Activity. Write out all of the data again, precisely as it appears.

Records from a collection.

▬▬▬▬▬▬

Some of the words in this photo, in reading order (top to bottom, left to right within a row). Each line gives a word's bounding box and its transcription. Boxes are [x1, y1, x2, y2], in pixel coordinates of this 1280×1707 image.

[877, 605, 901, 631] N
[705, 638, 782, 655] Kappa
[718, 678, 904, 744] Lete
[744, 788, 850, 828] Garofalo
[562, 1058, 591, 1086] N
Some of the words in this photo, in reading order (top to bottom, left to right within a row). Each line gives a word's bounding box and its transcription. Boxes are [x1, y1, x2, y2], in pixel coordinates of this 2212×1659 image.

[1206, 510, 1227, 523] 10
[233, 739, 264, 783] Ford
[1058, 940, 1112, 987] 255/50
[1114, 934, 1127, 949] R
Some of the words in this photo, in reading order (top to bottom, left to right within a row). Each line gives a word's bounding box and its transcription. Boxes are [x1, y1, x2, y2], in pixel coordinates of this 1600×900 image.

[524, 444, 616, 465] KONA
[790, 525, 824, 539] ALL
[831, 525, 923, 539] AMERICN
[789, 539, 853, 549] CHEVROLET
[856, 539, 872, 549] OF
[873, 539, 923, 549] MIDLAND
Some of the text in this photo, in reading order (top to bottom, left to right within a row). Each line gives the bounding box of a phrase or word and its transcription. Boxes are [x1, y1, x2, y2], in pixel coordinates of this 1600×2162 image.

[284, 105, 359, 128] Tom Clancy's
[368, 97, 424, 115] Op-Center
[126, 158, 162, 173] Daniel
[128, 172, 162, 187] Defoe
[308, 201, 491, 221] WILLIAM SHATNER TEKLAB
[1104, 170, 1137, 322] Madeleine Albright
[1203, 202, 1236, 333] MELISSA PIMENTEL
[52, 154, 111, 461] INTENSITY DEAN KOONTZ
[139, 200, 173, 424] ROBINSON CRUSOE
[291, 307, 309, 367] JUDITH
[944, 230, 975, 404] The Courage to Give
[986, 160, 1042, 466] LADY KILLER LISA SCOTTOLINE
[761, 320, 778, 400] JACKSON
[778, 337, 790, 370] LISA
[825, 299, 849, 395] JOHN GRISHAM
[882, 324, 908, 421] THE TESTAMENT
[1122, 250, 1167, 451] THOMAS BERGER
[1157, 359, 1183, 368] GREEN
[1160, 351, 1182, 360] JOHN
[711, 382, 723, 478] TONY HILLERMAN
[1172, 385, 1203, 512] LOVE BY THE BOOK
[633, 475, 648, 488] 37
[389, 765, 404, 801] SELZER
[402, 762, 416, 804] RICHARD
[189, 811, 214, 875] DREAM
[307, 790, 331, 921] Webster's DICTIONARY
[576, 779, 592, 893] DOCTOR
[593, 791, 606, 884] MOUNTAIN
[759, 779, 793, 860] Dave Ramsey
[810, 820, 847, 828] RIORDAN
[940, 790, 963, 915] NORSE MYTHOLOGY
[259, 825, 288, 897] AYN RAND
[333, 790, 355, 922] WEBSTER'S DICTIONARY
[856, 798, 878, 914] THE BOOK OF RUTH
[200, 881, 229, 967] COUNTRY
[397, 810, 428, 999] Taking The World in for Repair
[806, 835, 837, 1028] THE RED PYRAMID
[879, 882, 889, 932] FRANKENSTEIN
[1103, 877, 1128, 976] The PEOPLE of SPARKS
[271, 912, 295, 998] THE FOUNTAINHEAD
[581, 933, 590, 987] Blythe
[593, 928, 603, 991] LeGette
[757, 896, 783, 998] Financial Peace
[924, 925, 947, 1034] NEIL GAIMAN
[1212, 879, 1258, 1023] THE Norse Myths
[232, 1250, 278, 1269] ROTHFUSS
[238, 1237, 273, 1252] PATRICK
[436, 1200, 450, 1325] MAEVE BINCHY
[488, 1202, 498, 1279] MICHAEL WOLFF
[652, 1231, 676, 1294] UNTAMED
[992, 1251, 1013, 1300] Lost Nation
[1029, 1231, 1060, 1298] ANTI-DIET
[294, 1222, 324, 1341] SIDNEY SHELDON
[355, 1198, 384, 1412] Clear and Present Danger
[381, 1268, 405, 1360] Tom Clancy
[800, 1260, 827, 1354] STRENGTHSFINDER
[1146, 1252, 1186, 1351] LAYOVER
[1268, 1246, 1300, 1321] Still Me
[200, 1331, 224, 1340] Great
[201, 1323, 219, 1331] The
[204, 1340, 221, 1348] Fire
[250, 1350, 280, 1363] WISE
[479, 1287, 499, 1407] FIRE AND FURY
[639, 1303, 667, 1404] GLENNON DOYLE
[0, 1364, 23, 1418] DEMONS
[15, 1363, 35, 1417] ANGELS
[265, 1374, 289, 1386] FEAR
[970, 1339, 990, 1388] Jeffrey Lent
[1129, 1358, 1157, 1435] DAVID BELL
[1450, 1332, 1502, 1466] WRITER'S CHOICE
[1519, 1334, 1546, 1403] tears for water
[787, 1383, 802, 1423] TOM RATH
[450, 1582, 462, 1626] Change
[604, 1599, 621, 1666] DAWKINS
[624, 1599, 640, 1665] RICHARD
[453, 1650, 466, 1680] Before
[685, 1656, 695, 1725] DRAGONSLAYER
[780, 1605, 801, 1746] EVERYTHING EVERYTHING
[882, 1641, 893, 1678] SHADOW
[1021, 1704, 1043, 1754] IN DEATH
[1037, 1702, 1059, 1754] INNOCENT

▬▬▬▬▬▬

Solution for this exercise.
Some of the words in this photo, in reading order (top to bottom, left to right within a row). Each line gives a word's bounding box and its transcription. Boxes are [x1, y1, x2, y2], in pixel coordinates of this 1280×1707 image.

[877, 605, 901, 631] N
[705, 638, 782, 655] Kappa
[718, 678, 904, 744] Lete
[744, 788, 850, 828] Garofalo
[562, 1058, 591, 1086] N
Some of the words in this photo, in reading order (top to bottom, left to right within a row). Each line gives a word's bounding box and its transcription. Boxes are [x1, y1, x2, y2], in pixel coordinates of this 2212×1659 image.

[1206, 510, 1227, 523] 10
[233, 739, 264, 783] Ford
[1058, 940, 1112, 987] 255/50
[1114, 934, 1127, 949] R
Some of the words in this photo, in reading order (top to bottom, left to right within a row). Each line gives a word's bounding box and its transcription. Boxes are [x1, y1, x2, y2], in pixel coordinates of this 1600×900 image.

[524, 444, 616, 465] KONA
[790, 525, 824, 539] ALL
[831, 525, 923, 539] AMERICN
[789, 539, 853, 549] CHEVROLET
[856, 539, 872, 549] OF
[873, 539, 923, 549] MIDLAND
Some of the text in this photo, in reading order (top to bottom, left to right within a row). Each line gives the bounding box of a phrase or word and its transcription. Boxes are [x1, y1, x2, y2], in pixel coordinates of this 1600×2162 image.

[284, 105, 359, 128] Tom Clancy's
[368, 97, 424, 115] Op-Center
[126, 158, 162, 173] Daniel
[128, 172, 162, 187] Defoe
[308, 201, 491, 221] WILLIAM SHATNER TEKLAB
[1104, 170, 1137, 322] Madeleine Albright
[1203, 202, 1236, 333] MELISSA PIMENTEL
[52, 154, 111, 461] INTENSITY DEAN KOONTZ
[139, 200, 173, 424] ROBINSON CRUSOE
[291, 307, 309, 367] JUDITH
[944, 230, 975, 404] The Courage to Give
[986, 160, 1042, 466] LADY KILLER LISA SCOTTOLINE
[761, 320, 778, 400] JACKSON
[778, 337, 790, 370] LISA
[825, 299, 849, 395] JOHN GRISHAM
[882, 324, 908, 421] THE TESTAMENT
[1122, 250, 1167, 451] THOMAS BERGER
[1157, 359, 1183, 368] GREEN
[1160, 351, 1182, 360] JOHN
[711, 382, 723, 478] TONY HILLERMAN
[1172, 385, 1203, 512] LOVE BY THE BOOK
[633, 475, 648, 488] 37
[389, 765, 404, 801] SELZER
[402, 762, 416, 804] RICHARD
[189, 811, 214, 875] DREAM
[307, 790, 331, 921] Webster's DICTIONARY
[576, 779, 592, 893] DOCTOR
[593, 791, 606, 884] MOUNTAIN
[759, 779, 793, 860] Dave Ramsey
[810, 820, 847, 828] RIORDAN
[940, 790, 963, 915] NORSE MYTHOLOGY
[259, 825, 288, 897] AYN RAND
[333, 790, 355, 922] WEBSTER'S DICTIONARY
[856, 798, 878, 914] THE BOOK OF RUTH
[200, 881, 229, 967] COUNTRY
[397, 810, 428, 999] Taking The World in for Repair
[806, 835, 837, 1028] THE RED PYRAMID
[879, 882, 889, 932] FRANKENSTEIN
[1103, 877, 1128, 976] The PEOPLE of SPARKS
[271, 912, 295, 998] THE FOUNTAINHEAD
[581, 933, 590, 987] Blythe
[593, 928, 603, 991] LeGette
[757, 896, 783, 998] Financial Peace
[924, 925, 947, 1034] NEIL GAIMAN
[1212, 879, 1258, 1023] THE Norse Myths
[232, 1250, 278, 1269] ROTHFUSS
[238, 1237, 273, 1252] PATRICK
[436, 1200, 450, 1325] MAEVE BINCHY
[488, 1202, 498, 1279] MICHAEL WOLFF
[652, 1231, 676, 1294] UNTAMED
[992, 1251, 1013, 1300] Lost Nation
[1029, 1231, 1060, 1298] ANTI-DIET
[294, 1222, 324, 1341] SIDNEY SHELDON
[355, 1198, 384, 1412] Clear and Present Danger
[381, 1268, 405, 1360] Tom Clancy
[800, 1260, 827, 1354] STRENGTHSFINDER
[1146, 1252, 1186, 1351] LAYOVER
[1268, 1246, 1300, 1321] Still Me
[200, 1331, 224, 1340] Great
[201, 1323, 219, 1331] The
[204, 1340, 221, 1348] Fire
[250, 1350, 280, 1363] WISE
[479, 1287, 499, 1407] FIRE AND FURY
[639, 1303, 667, 1404] GLENNON DOYLE
[0, 1364, 23, 1418] DEMONS
[15, 1363, 35, 1417] ANGELS
[265, 1374, 289, 1386] FEAR
[970, 1339, 990, 1388] Jeffrey Lent
[1129, 1358, 1157, 1435] DAVID BELL
[1450, 1332, 1502, 1466] WRITER'S CHOICE
[1519, 1334, 1546, 1403] tears for water
[787, 1383, 802, 1423] TOM RATH
[450, 1582, 462, 1626] Change
[604, 1599, 621, 1666] DAWKINS
[624, 1599, 640, 1665] RICHARD
[453, 1650, 466, 1680] Before
[685, 1656, 695, 1725] DRAGONSLAYER
[780, 1605, 801, 1746] EVERYTHING EVERYTHING
[882, 1641, 893, 1678] SHADOW
[1021, 1704, 1043, 1754] IN DEATH
[1037, 1702, 1059, 1754] INNOCENT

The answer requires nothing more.